Through all the centuries of Jewish life around the world, the Haggadah has arguably been the most popular work of Jewish religious literature. Contemporary statistics show, for example, that there are more Jews who attend a Seder than who make an appearance at a synagogue on Yom Kippur.
According to most knowledgeable sources, the oldest known version of the Haggadah is in the famous 10th-century siddur of Saadiah Gaon. Other early surviving versions include those found in Machzor Vitry (11th century) and the Rambam’s Mishneh Torah (12th century). The first Haggadah printed in the United States, Service for the Two First Nights of the Passover in English and Hebrew, was compiled by Solomon Henry Jackson (1837), a Jewish immigrant from England.
It is not surprising that this broad popularity has extended to Judaica collectors and investors, for whom collecting haggadot has long been a matter of intense interest.

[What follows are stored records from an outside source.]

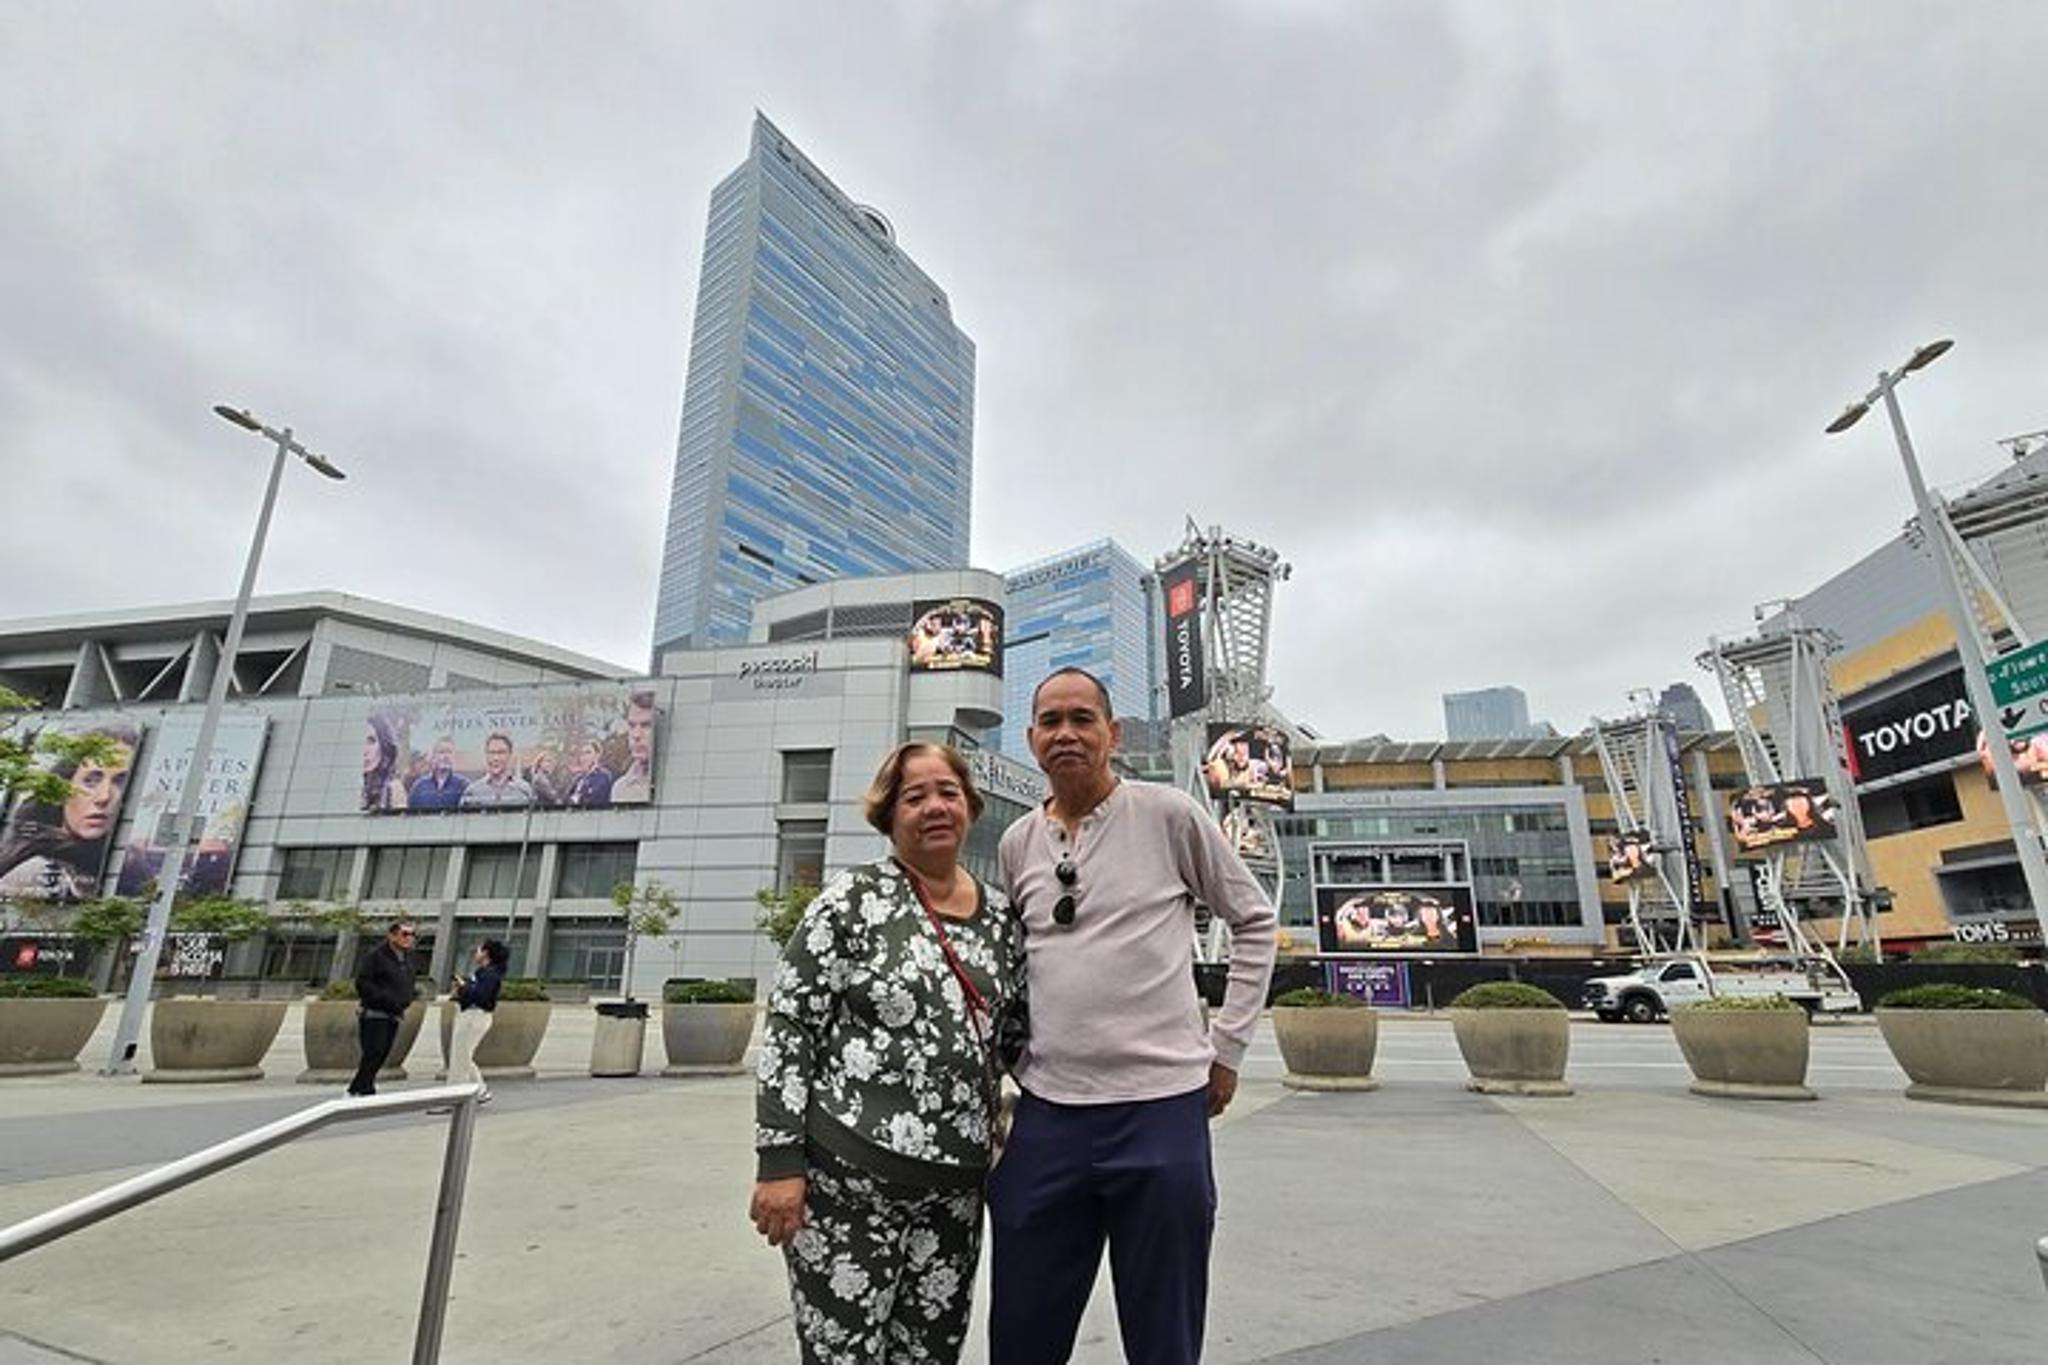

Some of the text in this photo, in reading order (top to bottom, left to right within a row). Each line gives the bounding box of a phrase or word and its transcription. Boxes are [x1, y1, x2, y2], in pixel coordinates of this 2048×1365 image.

[1177, 618, 1193, 690] TOYOTA
[1859, 699, 1972, 757] TOYOTA
[157, 757, 248, 773] APLES
[1952, 919, 2009, 942] TOM'S
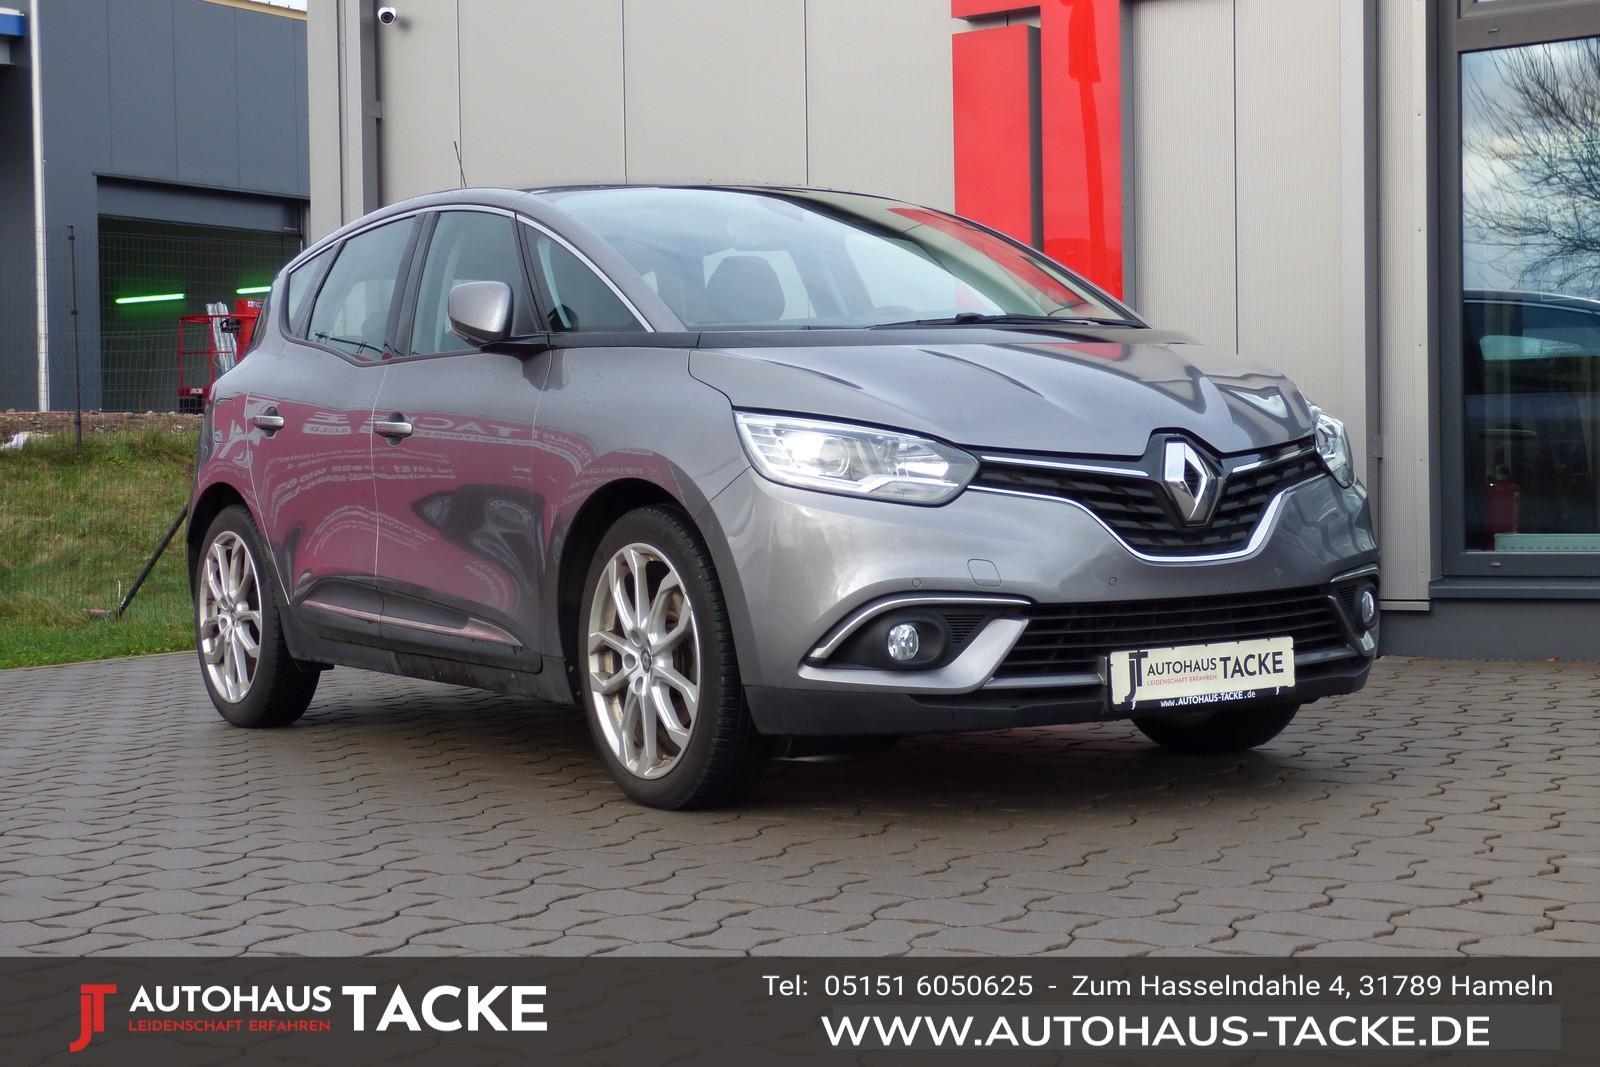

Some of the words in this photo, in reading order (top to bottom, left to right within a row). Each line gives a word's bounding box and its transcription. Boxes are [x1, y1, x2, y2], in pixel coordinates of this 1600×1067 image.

[1147, 657, 1218, 677] AUTOHAUS
[1219, 650, 1285, 679] TACKE
[1146, 677, 1188, 687] LEIDENSCHAFT
[1189, 674, 1218, 684] ERFAHREN
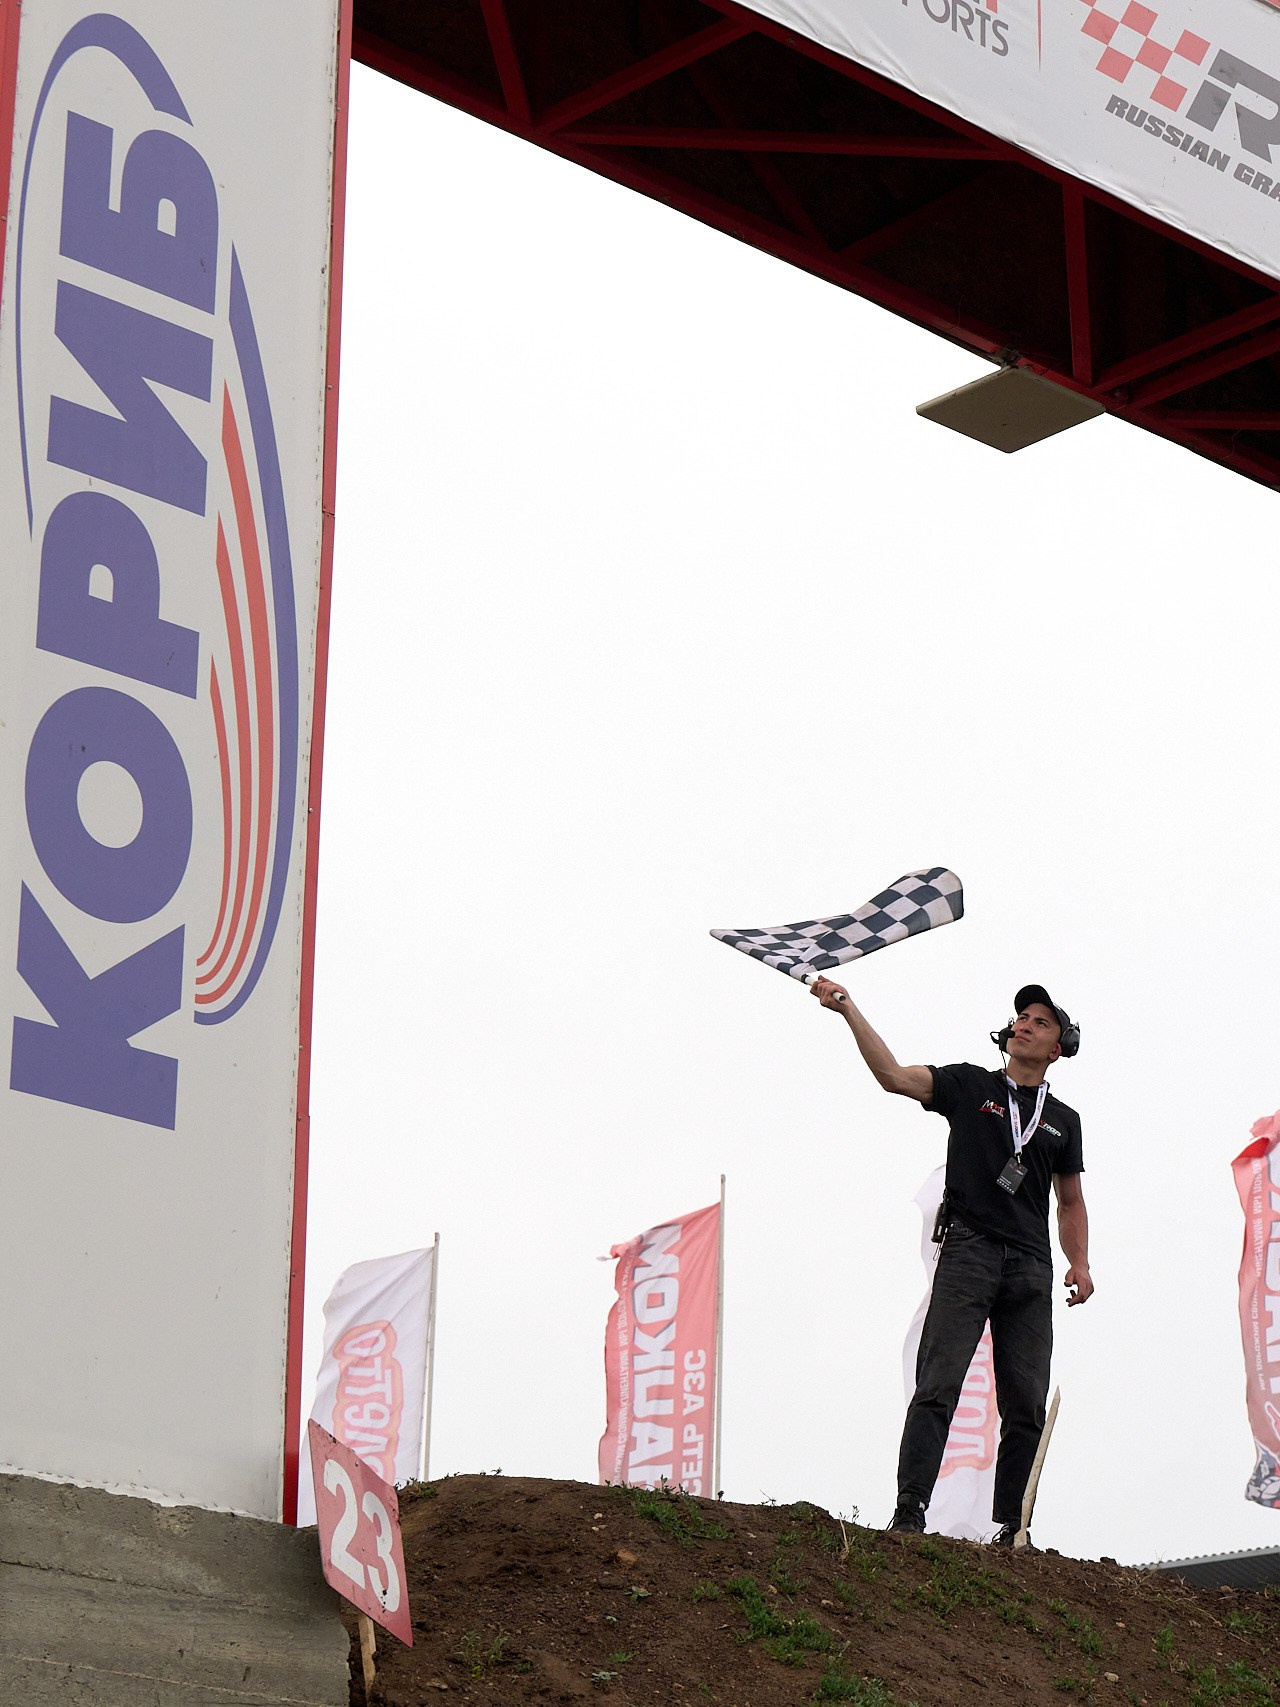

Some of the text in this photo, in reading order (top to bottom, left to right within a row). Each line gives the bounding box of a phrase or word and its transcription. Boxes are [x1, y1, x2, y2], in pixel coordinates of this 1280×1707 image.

Part of the fascination may be attributable to the variety and breadth of the material, ranging from the earliest printed haggadot to early American haggadot; from pieces of crude haggadot handwritten in concentration camps during the Holocaust to mimeographed versions printed in the internment camps in the aftermath of the Shoah; from Zionist-themed haggadot celebrating the birth of Israel to haggadot written on non-observant kibbutzim in Eretz Yisrael; and from modern illustrated haggadot with extensive Torah commentary to the latest American haggadot, many of which have little to do with Passover, promoting instead such contemporary political themes as feminism, animal rights, and the environment.
Though I do not collect actual haggadot, I am always thrilled when I come across historical correspondence referring to haggadot – and they are not easy to find. Here are four of my favorite items from well-recognized public figures, each highlighting a particular Haggadah.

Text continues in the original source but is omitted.